→ YOUR GOAL
Though the entries contain pictures, the copy you make should hold only the rest, exactly as written.
════════════════
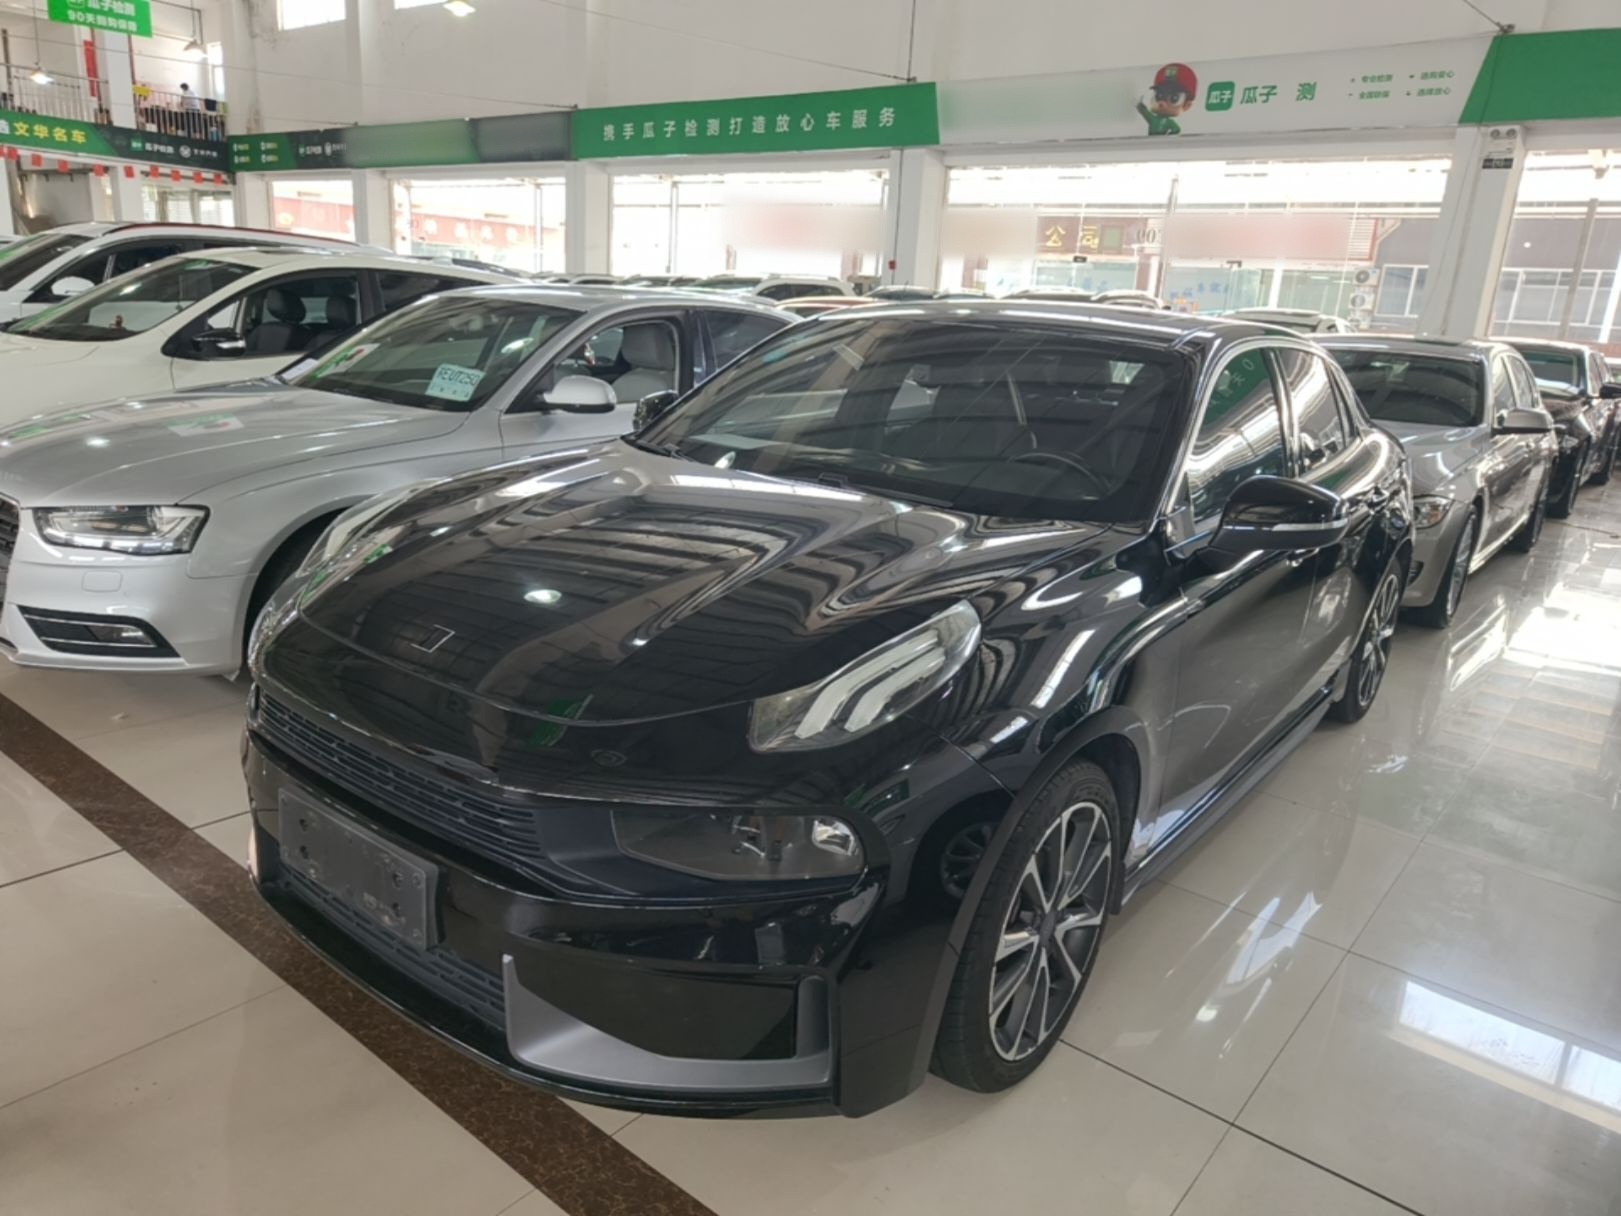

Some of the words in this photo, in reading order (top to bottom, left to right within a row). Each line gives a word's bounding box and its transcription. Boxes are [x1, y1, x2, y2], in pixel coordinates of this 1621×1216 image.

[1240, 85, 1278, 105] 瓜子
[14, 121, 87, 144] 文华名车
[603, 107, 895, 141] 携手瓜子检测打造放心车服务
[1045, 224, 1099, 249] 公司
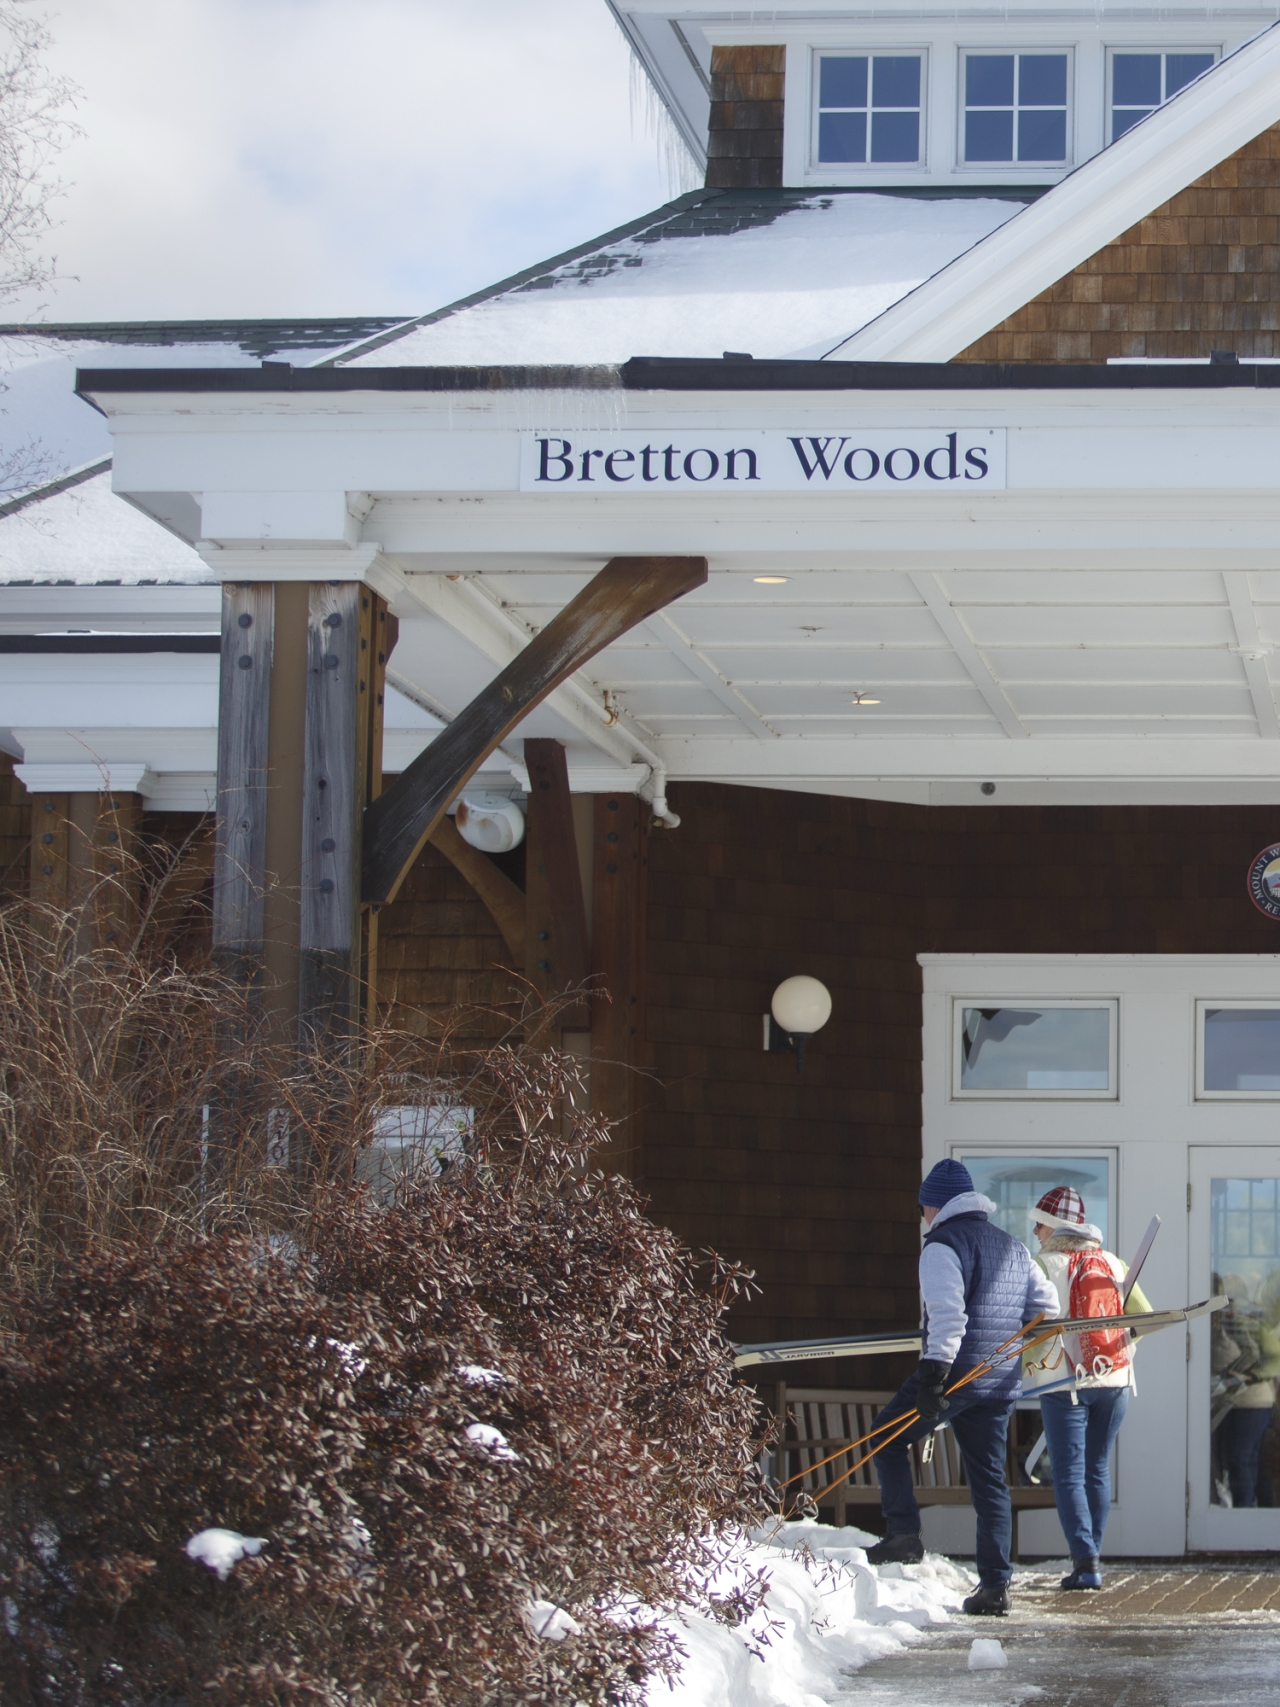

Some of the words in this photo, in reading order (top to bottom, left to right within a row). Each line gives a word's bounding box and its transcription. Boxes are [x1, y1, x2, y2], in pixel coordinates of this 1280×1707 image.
════════════════
→ TASK ANSWER
Some of the words in this photo, in reading order (top to bottom, left to right within a row). Each line gives a word's bounding box and its transcription. Boxes are [x1, y1, x2, y2], in pixel coordinates of this 1621×1216 image.

[1240, 85, 1278, 105] 瓜子
[14, 121, 87, 144] 文华名车
[603, 107, 895, 141] 携手瓜子检测打造放心车服务
[1045, 224, 1099, 249] 公司

Some of the words in this photo, in reading order (top to bottom, left to right within a row). Each line gives a word's bounding box and its transcription. Boxes are [x1, y1, x2, y2], in pixel coordinates of this 1280×1707 image.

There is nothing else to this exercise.